* **Task objective**: Every record below should be repeated exactly. Omit the pictures.

* **Records provided**:
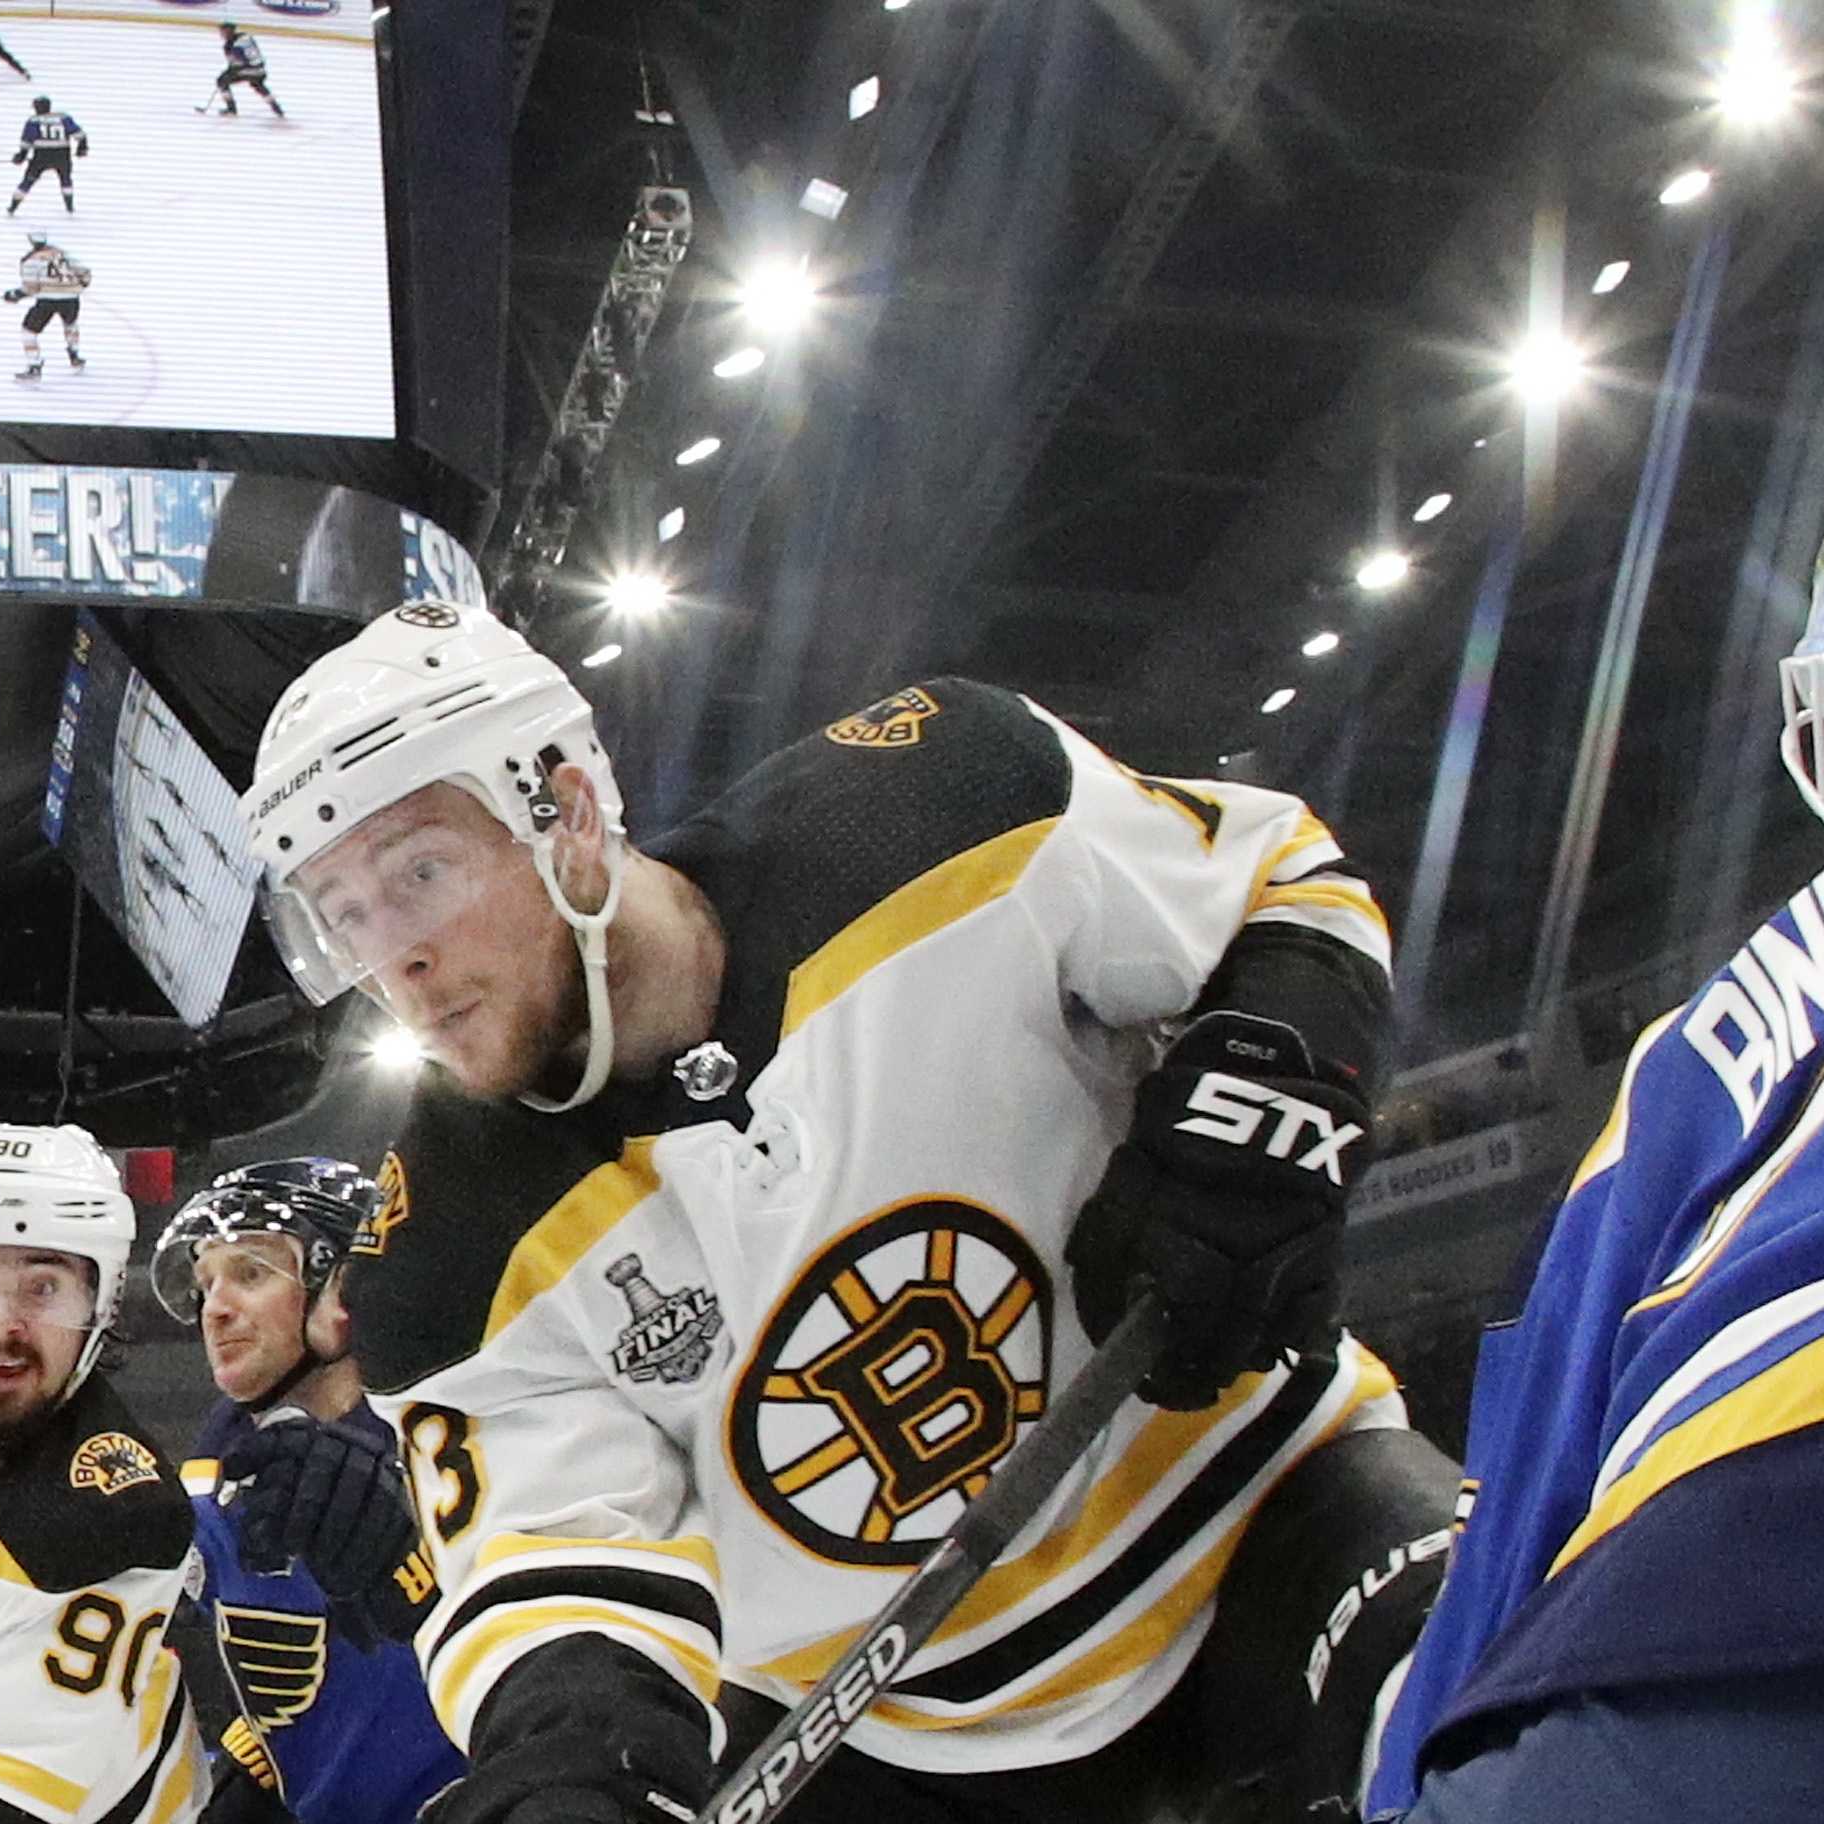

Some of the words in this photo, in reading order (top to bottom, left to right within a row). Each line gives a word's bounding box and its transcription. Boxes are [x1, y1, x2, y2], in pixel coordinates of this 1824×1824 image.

[1174, 1072, 1364, 1187] STX
[614, 1290, 717, 1373] FINAL
[73, 1434, 153, 1484] BOSTON
[1306, 1527, 1454, 1704] BAUE
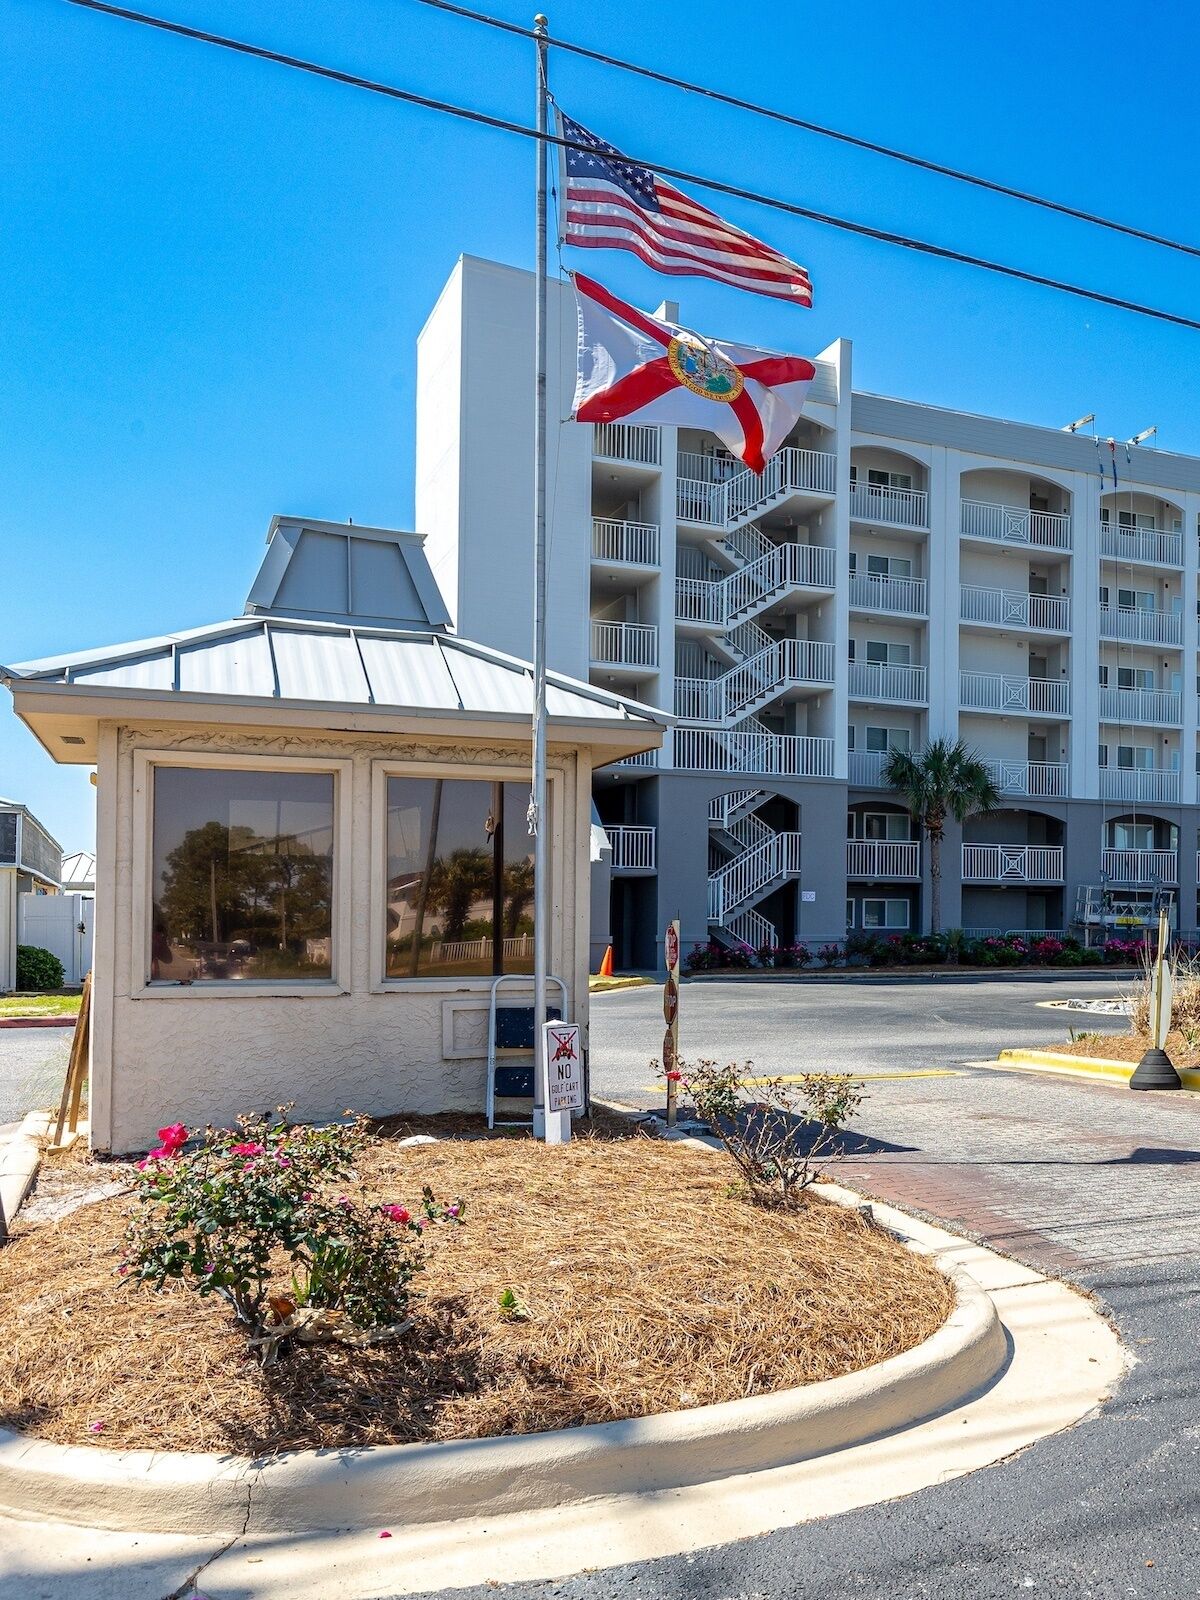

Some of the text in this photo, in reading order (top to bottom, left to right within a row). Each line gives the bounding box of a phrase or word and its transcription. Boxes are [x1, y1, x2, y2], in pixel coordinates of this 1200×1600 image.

* **Solution to the problem**:
Some of the words in this photo, in reading order (top to bottom, left to right within a row). Each line gives a word's bounding box and its transcription. Boxes are [x1, y1, x2, y2], in pixel coordinates of this 1824×1824 image.

[1174, 1072, 1364, 1187] STX
[614, 1290, 717, 1373] FINAL
[73, 1434, 153, 1484] BOSTON
[1306, 1527, 1454, 1704] BAUE

Some of the text in this photo, in reading order (top to bottom, left to right within a row). Each line gives the bounding box of a phrase or word and its transcription. Boxes are [x1, y1, x2, y2], in pixel coordinates of this 1200×1600 image.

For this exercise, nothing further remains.